Have you ever seen a butcher
tenderize meat?
Does it ever feel like this
is what God has been doing to your heart? In a
much gentler way of course, and without the metal spikes piecing your heart or
the bloodied apron!
OK, not the most loving
picture I know, but I can’t seem to get this imagery out of my head as I have
been thinking about Christmas and God’s divine hand as He has tenderized and
readied for my heart for Jesus.
The first time I truly met
and understood Jesus went something like this…
I was a sophomore at Iowa
State University (Go State!), a marketing major, and member of Alpha Gamma
Delta sorority and living the college dream.
I had just finished up my freshmen year, in epic proportion, drinking my
way through the year one (sorry Mom, this is painfully true) and really didn’t
have a care in the world. Life was good
in my mind.
Yet as I came into my second
year, I know subconsciously I was searching for more, and found myself joining
the Bible study in sorority. It was here
that I met Carolyn, our Bible study leader.
She was a sweet lady in her 50’s, always with a smile on her face and the
kind of lady you want to give a hug to every time you see her.
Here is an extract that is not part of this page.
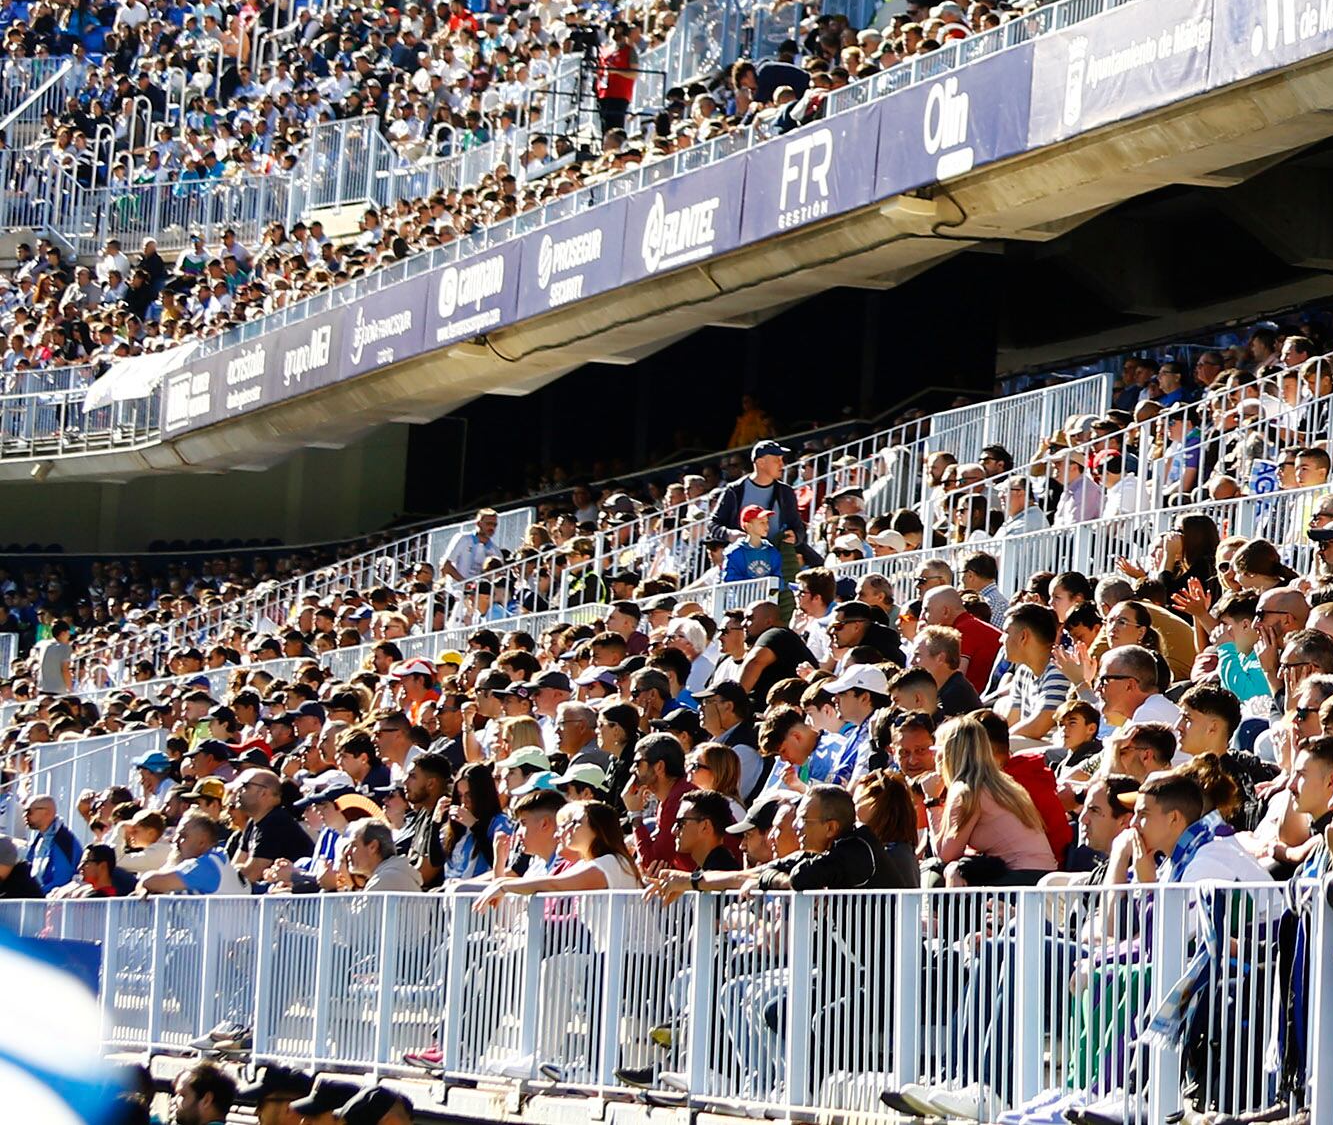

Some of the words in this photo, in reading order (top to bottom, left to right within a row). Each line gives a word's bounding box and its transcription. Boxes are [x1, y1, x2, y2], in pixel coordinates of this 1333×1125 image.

For the rest of the year I
attended this Bible study, even meeting occasionally with Carolyn, probing her
with the questions I had. She was always
so gracious and patient with me, and at the end of the year encouraged me to
attend a Greek
Christian conference in Indianapolis.
I
went with no expectations but left forever changed. Within minutes of the first worship set, as I
was singing the song, Here I am to Worship,
the tears began to flow and didn’t seem to stop. Eventually the worship songs ended and we
were directed to our small group, which included 5 other of my sorority
sisters. At this point the tears were
still flowing and I didn’t even care how ridiculous I looked because I knew
what God was doing in me was deeper and more real than anything I have ever
experienced.
I knew after that moment I
would never be the same and nothing would ever look the same.
God
was showing ME who Jesus was to ME. I
had heard it a hundred times before, Jesus came and died for you, a brutal
death on a cross so that I might have life, eternal life and live this life
abundantly.
Yet, this time it was different. I felt conviction of my sin, the drinking, the stuff with boys, the lies, the way I judged people, and putting everything above Him, all of it big and small.
He
brought me to my knees, in a puddle of tears, and for the first time it became
personal.
He
became personal.
His
death was for me. He would have died
just for me.
Knowing
what He had done for me in love meant
everything was about to change.
Love
changes everything and when I embraced His love, everything did change.
This
is a moment I will never forget and one I am eternally grateful for.
Although
as I sat reflecting on this moment, the picture of the butcher and meat tenderizer
came quickly to mind.
Almost,
as if God was saying I prepared your heart for that day.
I
prepared you for that day and
everyday before and after that day,
to be soft to my Son.
To
be tenderized for Jesus.
I
remembered those years growing up of going to Church and hearing truth, times
with Mom jamming out to Amy Grant while baking, years of going to Church camp,
praying before meals and bedtime, the letter my brother wrote to me during my
High School graduation telling me to pursue God, and on and on and on.
He’s
been tenderizing my heart from day one when He made me love.
The closer I look, the closer
I see Him all over my life.
This Christmas I am so
thankful for that significant moment in college when I met Jesus, but even more
grateful for my Father in Heaven who is the Great
Butcher of my heart.
Always preparing my heart for
more of Him, His Son, and the Holy Spirit.
So...
Have you ever seen a butcher tenderize meat?
Does it ever feel like this is what God has been doing to your heart?